There's Steve, in a tattered uniform with the white star smudged with blood and dirt and a sad look on his face. A sharp pain suddenly runs through Bucky's left side; he gasps as he turns his head and finds his arm gone, again.

"Wha – Steve, are you… are you dead? Am I dead? Is this…"

Some say that when you die, your life flashes before your eyes. But this is not a flash. He can feel the pain, he can smell the molten plastic and metal, and the human touch when Steve steadies his staggering body is real. But it shouldn't be. Steve shouldn't be here, he's safe in Wakanda, he stayed behind.

"This isn't death, no," Steve says. With a sigh he looks down at the shield. "It's a shame, really."

"Take it then, it's yours," Bucky urges him and picks it up. He's forgotten how light it is. "Take it back."

"You know I can't. I dropped it. I gave up who I was, I went off the radar. I did all that, and all for –"

Don't say it, Bucky pleads quietly. Don't say it, I don't wanna hear it.

"- you."

Deep down, Bucky knows that this isn't true. They've talked about it, more than once, during Steve's visits to Wakanda. Over and over Steve has assured him that it wasn't Bucky's fault, that he would have fallen out with Tony eventually anyway, that they'd had it coming, that it had been about the Accords first. Steve has sworn it. It is Bucky who still blames himself for all that has happened, but Steve would never say anything like that.

"You're… you're not real," Bucky whispers, and a part of him is relieved. Steve's safe. He's not really here; this is his mind playing tricks on him.

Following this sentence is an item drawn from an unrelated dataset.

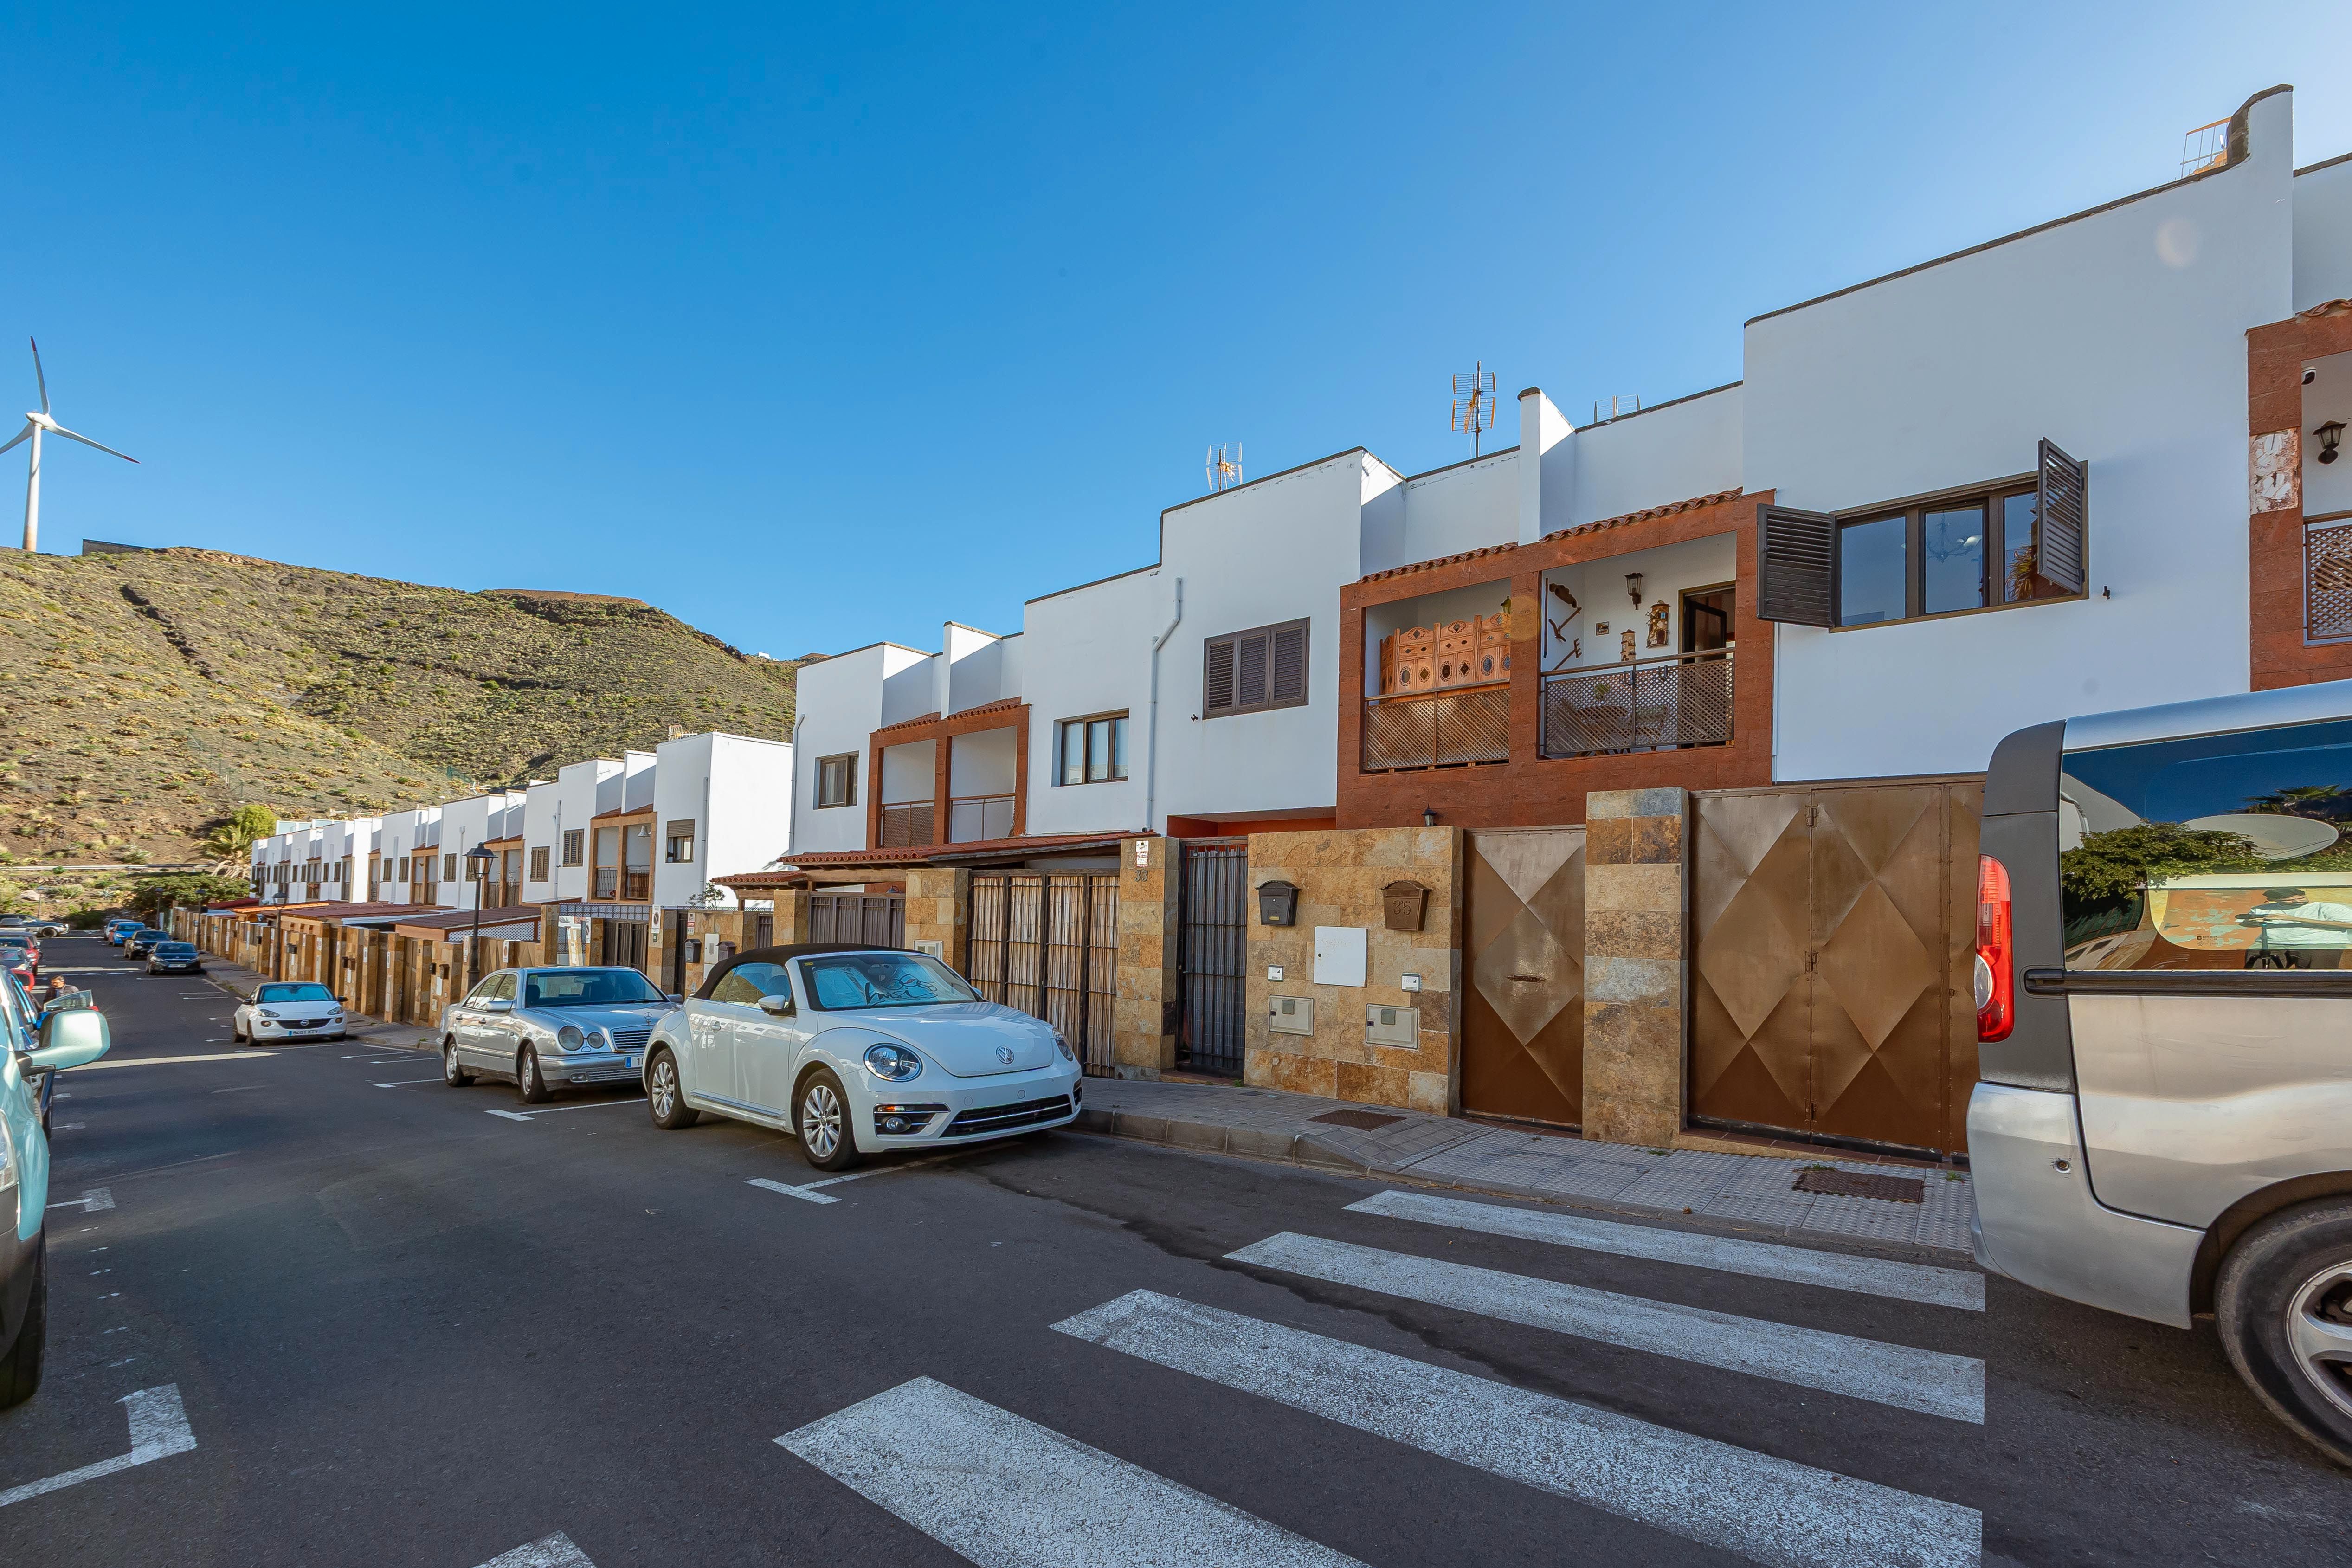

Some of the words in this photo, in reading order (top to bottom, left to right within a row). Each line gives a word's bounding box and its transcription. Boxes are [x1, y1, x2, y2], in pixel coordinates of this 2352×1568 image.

[1134, 870, 1148, 881] 33
[1393, 900, 1411, 916] 35
[996, 1046, 1014, 1064] VW

Some part of him wishes he wasn't alone.

The Steve in front of him smiles sadly.

"Am I not? Are you? Who are you, really?"

I'm Bucky Barnes, he wants to say, but he finds he cannot speak. His mouth is dry, and then Steve and the shield go up in a cloud of grey ash.

"No, no, wait –"

The dust settles, and where the shield was, he now finds a small book that looks very familiar. He recognizes the colored sticky-notes immediately. It's one of his notebooks, the one simply labelled "3" but he knows what the number stands for. This one isn't pretty. Newspaper articles from decades ago, printed at libraries while trying to pull the worn-out cap a little deeper down his forehead in fear of being recognized. Single words, sentences without endings, scribbled down hastily after waking up from a nightmare before the memory leaves him again. Bucky can feel his hand shaking. The metal arm is back, shining and deadly. He wants to open the book, but at the same time he fears what he might read. What if there are memories in there that he's lost along the way; parts of his life that Shuri hasn't been able to restore in his damaged brain?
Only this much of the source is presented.